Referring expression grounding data

--- START ---

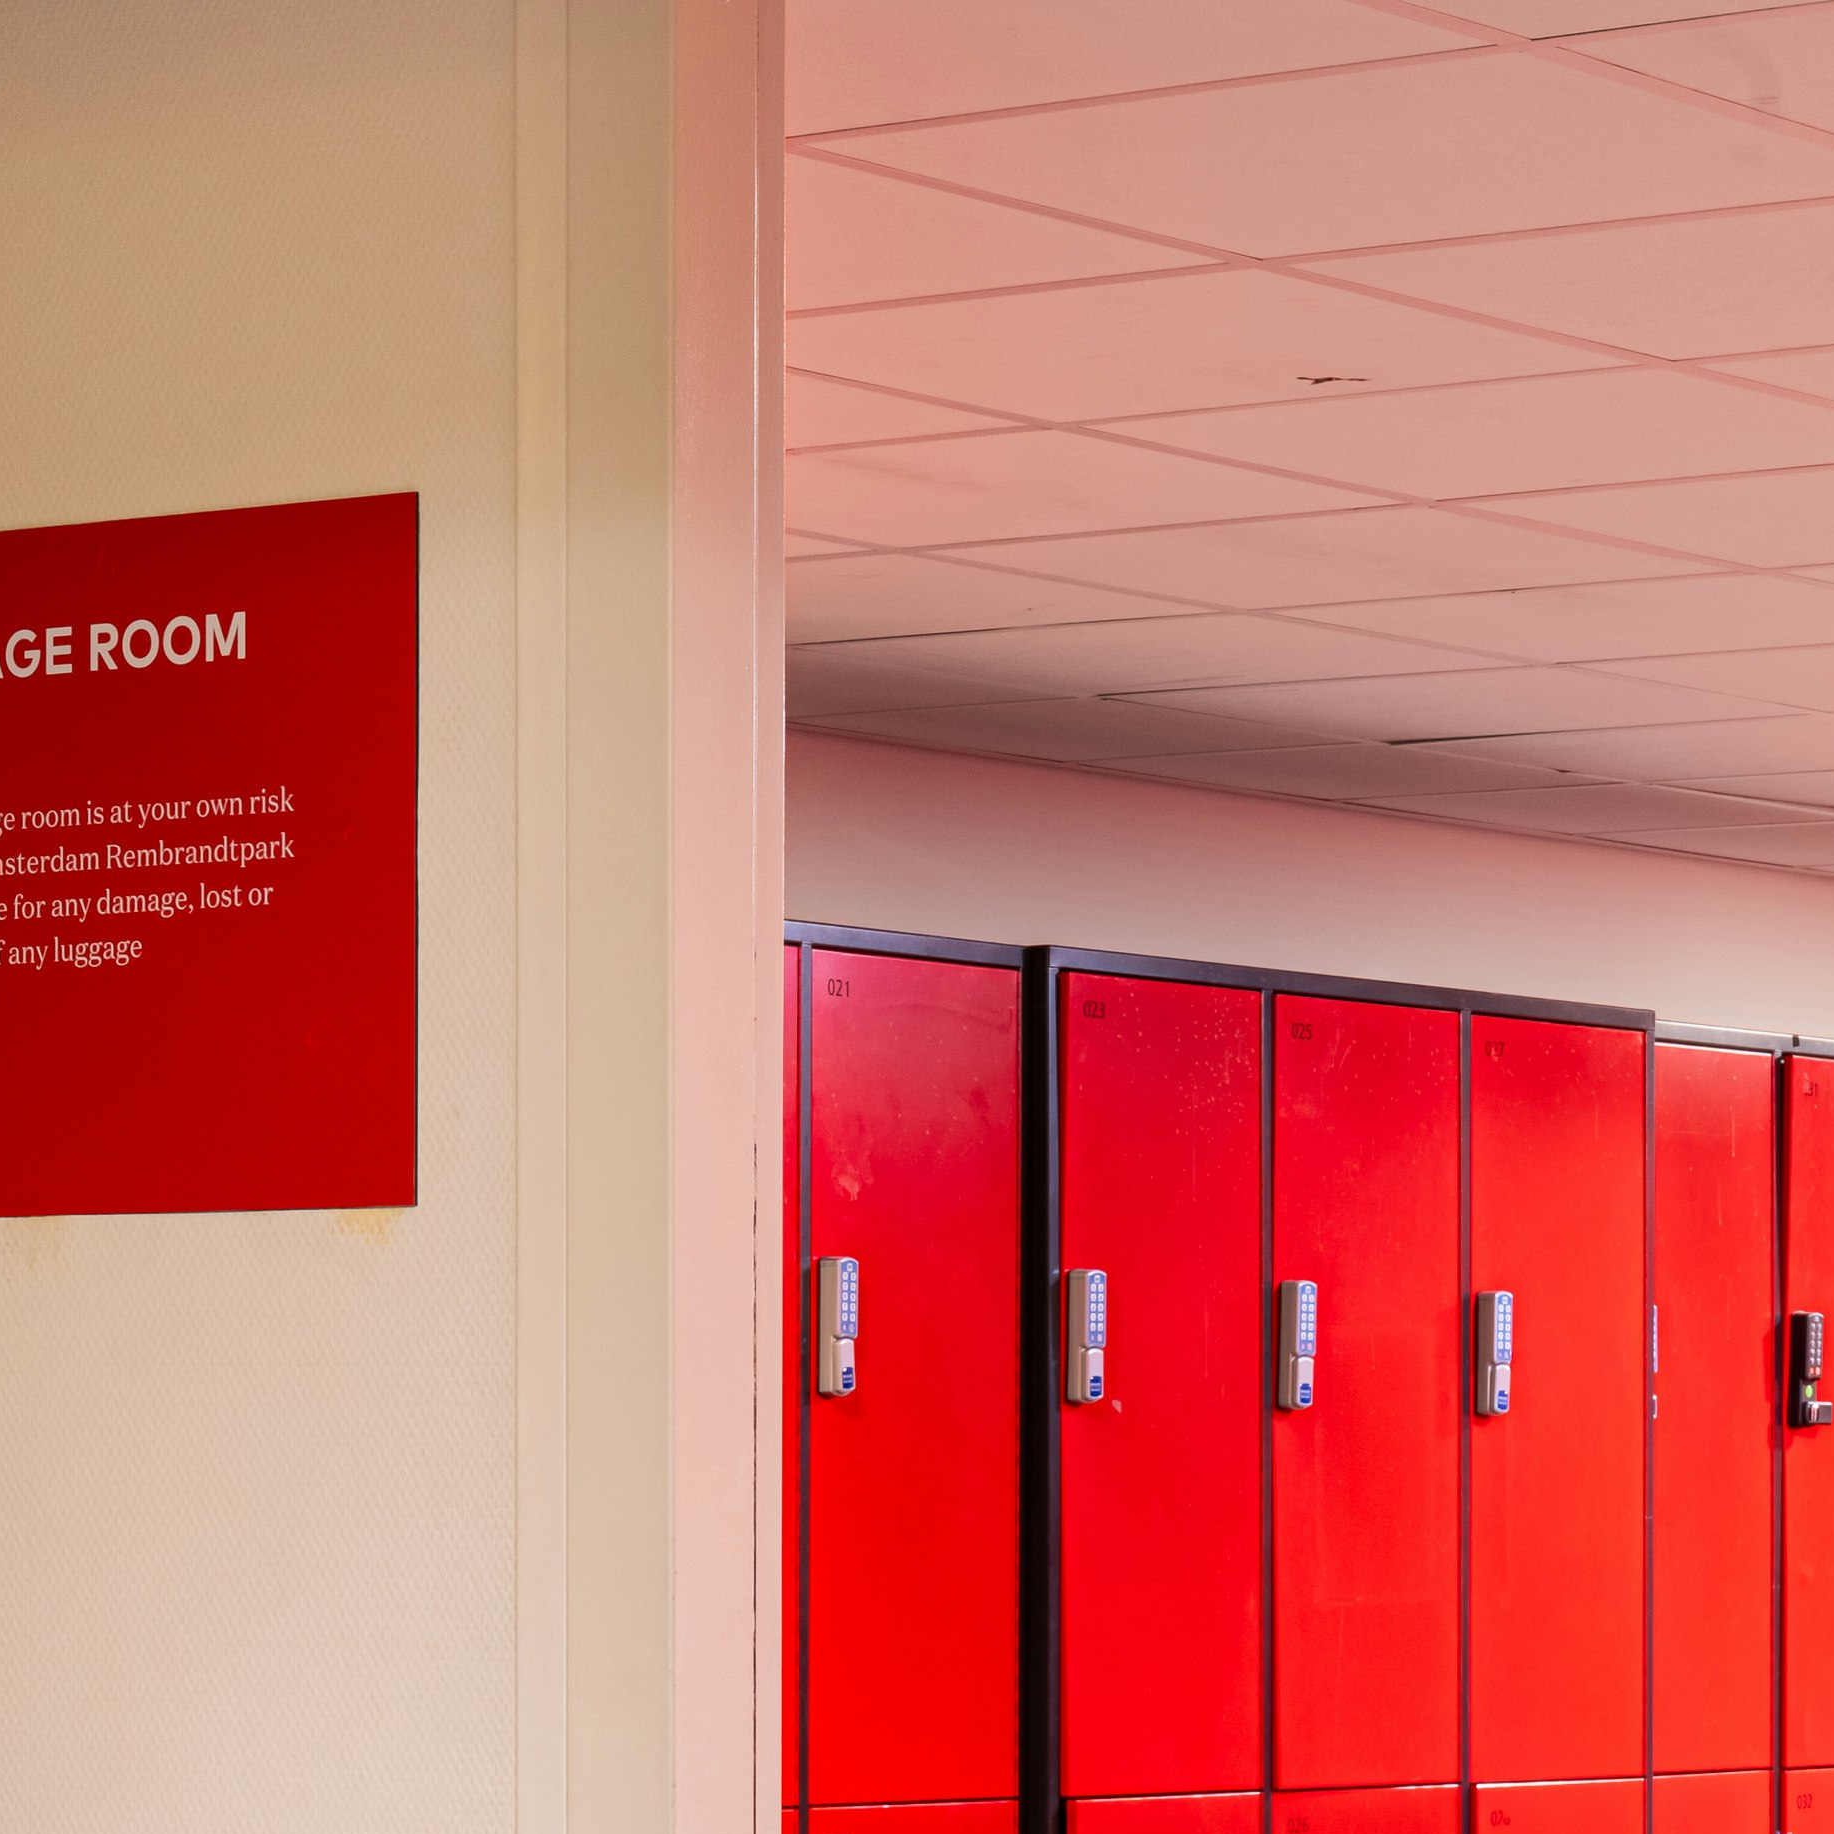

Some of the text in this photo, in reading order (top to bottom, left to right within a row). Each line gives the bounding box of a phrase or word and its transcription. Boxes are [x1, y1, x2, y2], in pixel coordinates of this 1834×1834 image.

[90, 612, 245, 671] ROOM
[22, 809, 80, 829] room
[87, 801, 104, 824] is
[110, 801, 132, 823] at
[138, 801, 191, 828] your
[197, 798, 243, 817] own
[250, 786, 294, 814] risk
[107, 832, 294, 869] Rembrandtpark
[14, 894, 46, 919] for
[52, 898, 91, 922] any
[97, 889, 193, 918] damage,
[200, 883, 242, 908] lost
[248, 887, 273, 906] or
[9, 946, 48, 970] any
[54, 937, 142, 968] luggage
[827, 979, 849, 998] 021
[1082, 1000, 1106, 1019] 023
[1291, 1022, 1313, 1040] 025
[1796, 1794, 1813, 1809] 032
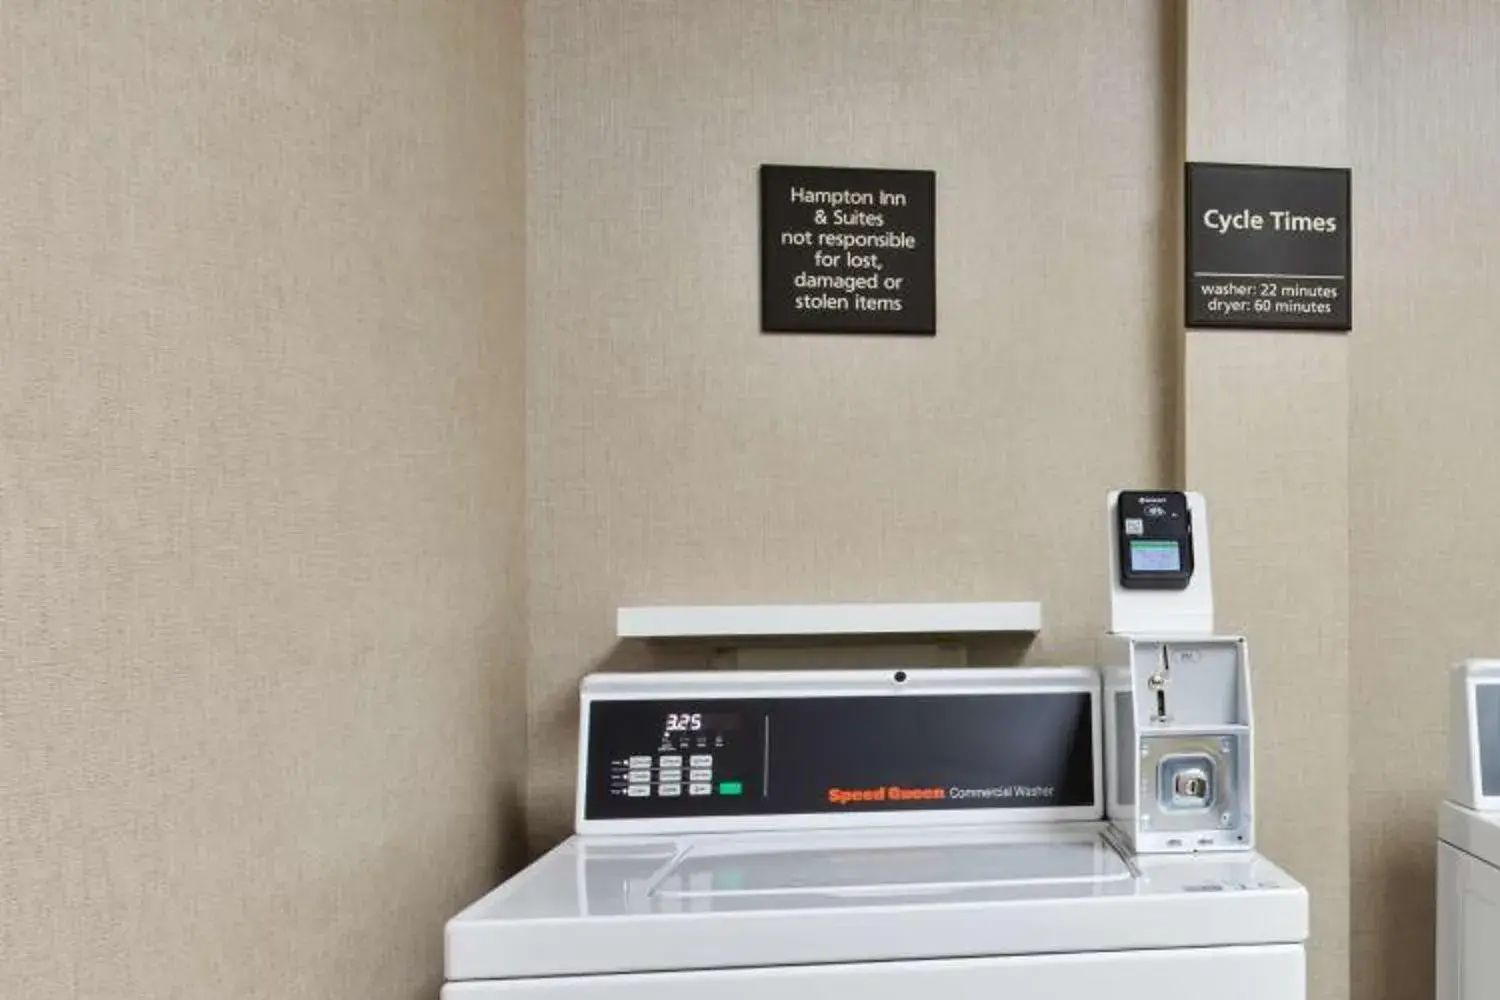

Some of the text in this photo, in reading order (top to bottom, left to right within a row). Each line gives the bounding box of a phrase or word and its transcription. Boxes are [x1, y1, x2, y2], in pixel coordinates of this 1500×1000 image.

[790, 186, 907, 207] Hampton Inn
[814, 209, 884, 227] & Suites
[1203, 209, 1337, 234] Cycle Times
[781, 231, 916, 250] not responsible
[814, 250, 883, 271] for lost,
[794, 272, 903, 292] damaged or
[1201, 282, 1338, 299] washer: 22 minutes
[794, 294, 903, 311] stolen items
[1207, 297, 1331, 314] dryer: 60 minutes
[828, 784, 1055, 804] Speed Queen Commercial Washer
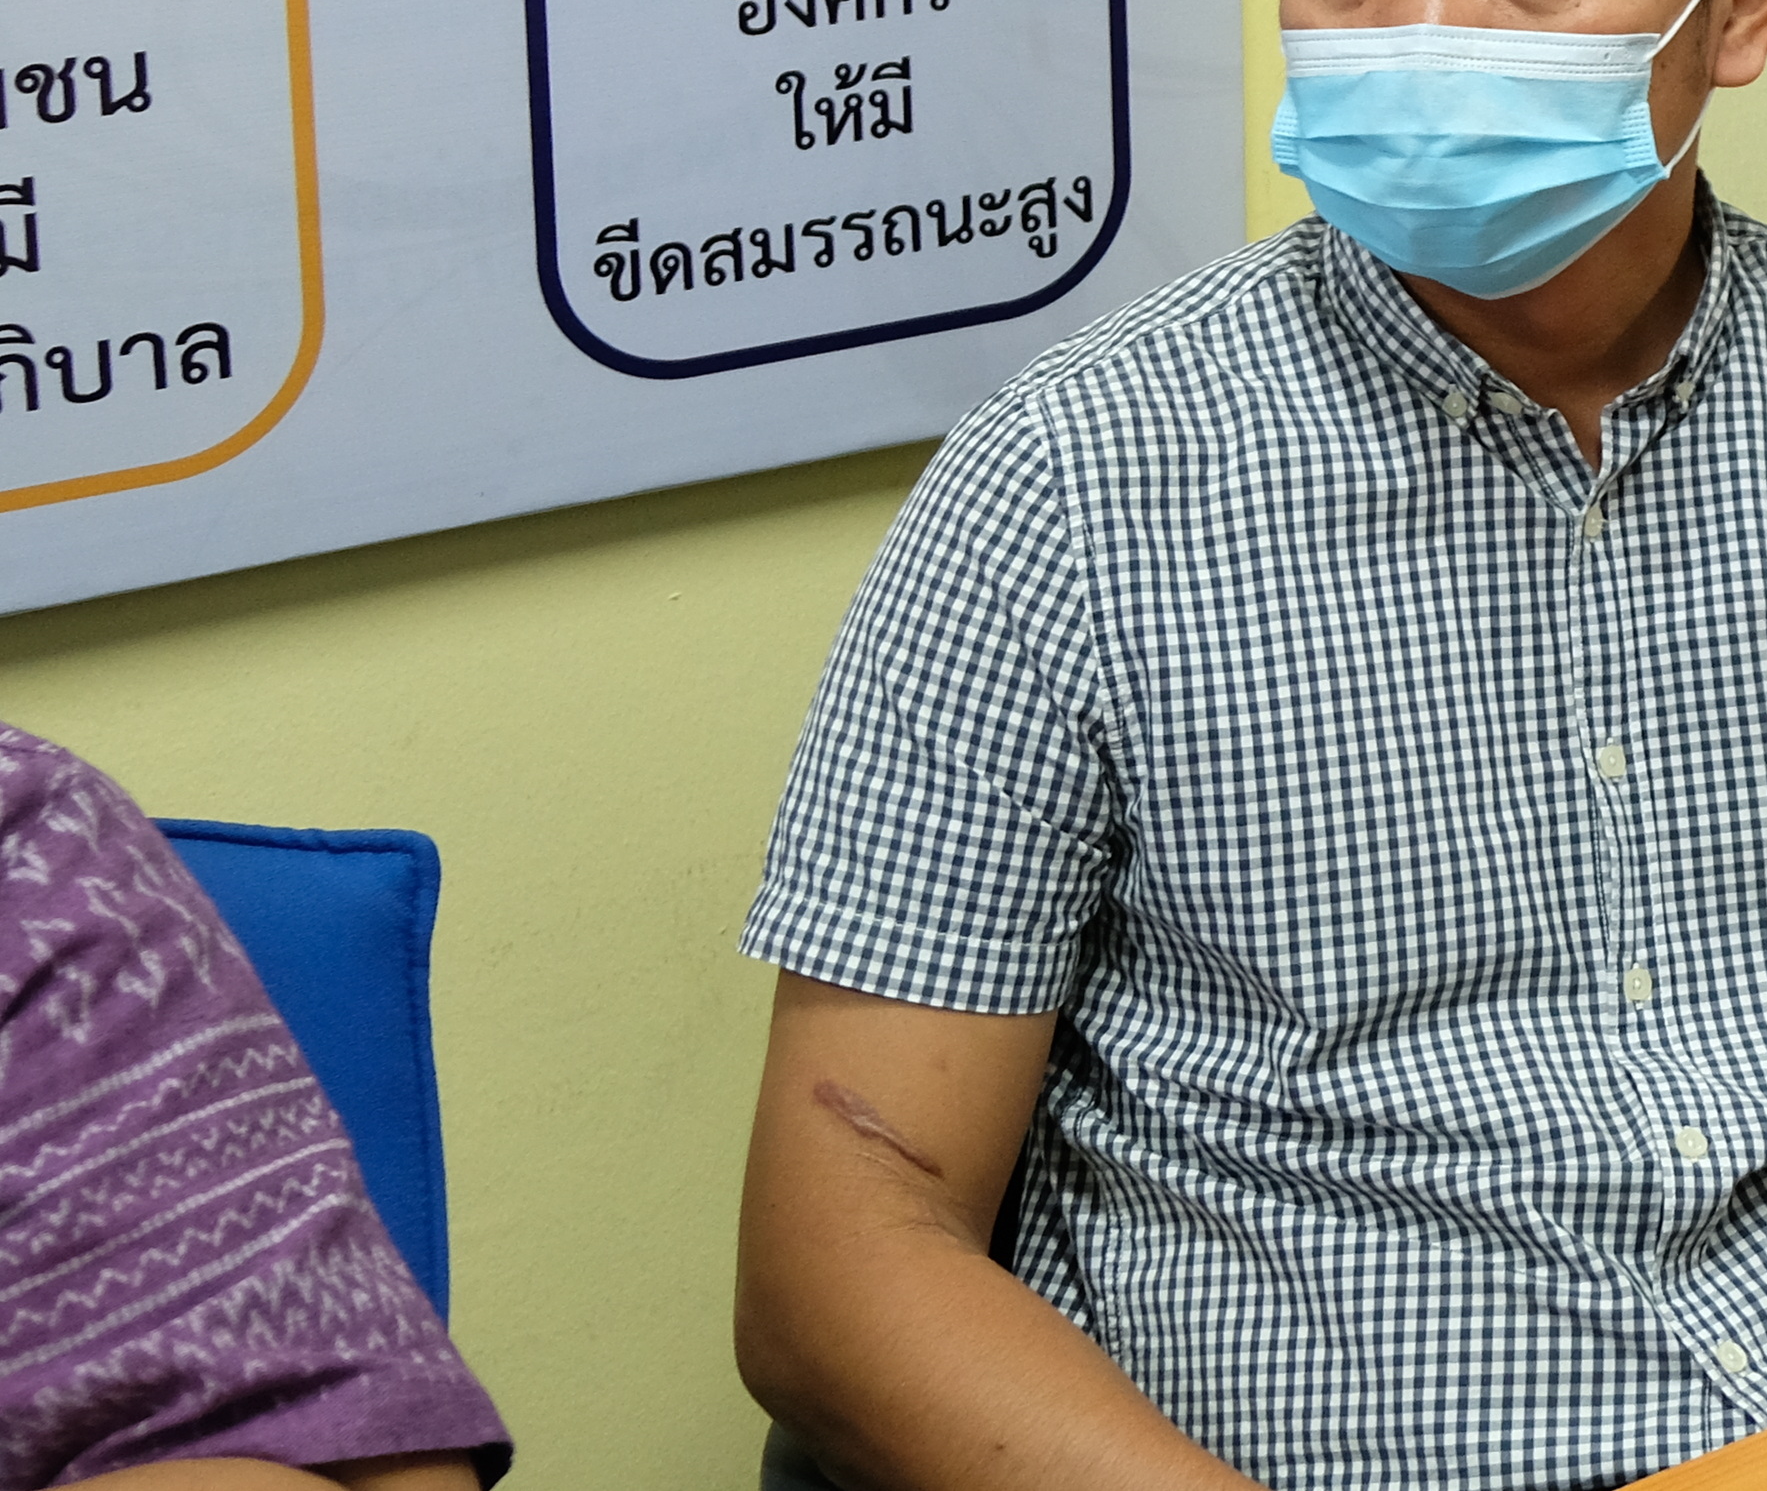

--- END ---

### Work order
Print each record as it appears above, dropping every picture from the copy.

### Answer to the exercise
Some of the text in this photo, in reading order (top to bottom, left to right within a row). Each line gives the bounding box of a phrase or word and its transcription. Boxes are [x1, y1, x2, y2], in pixel coordinates of this 1834×1834 image.

[90, 612, 245, 671] ROOM
[22, 809, 80, 829] room
[87, 801, 104, 824] is
[110, 801, 132, 823] at
[138, 801, 191, 828] your
[197, 798, 243, 817] own
[250, 786, 294, 814] risk
[107, 832, 294, 869] Rembrandtpark
[14, 894, 46, 919] for
[52, 898, 91, 922] any
[97, 889, 193, 918] damage,
[200, 883, 242, 908] lost
[248, 887, 273, 906] or
[9, 946, 48, 970] any
[54, 937, 142, 968] luggage
[827, 979, 849, 998] 021
[1082, 1000, 1106, 1019] 023
[1291, 1022, 1313, 1040] 025
[1796, 1794, 1813, 1809] 032

Some of the text in this photo, in reading order (top to bottom, left to right within a row). Each line gives the bounding box of a phrase or word and its transcription. Boxes are [x1, y1, x2, y2], in pixel coordinates of this 1500×1000 image.

[790, 186, 907, 207] Hampton Inn
[814, 209, 884, 227] & Suites
[1203, 209, 1337, 234] Cycle Times
[781, 231, 916, 250] not responsible
[814, 250, 883, 271] for lost,
[794, 272, 903, 292] damaged or
[1201, 282, 1338, 299] washer: 22 minutes
[794, 294, 903, 311] stolen items
[1207, 297, 1331, 314] dryer: 60 minutes
[828, 784, 1055, 804] Speed Queen Commercial Washer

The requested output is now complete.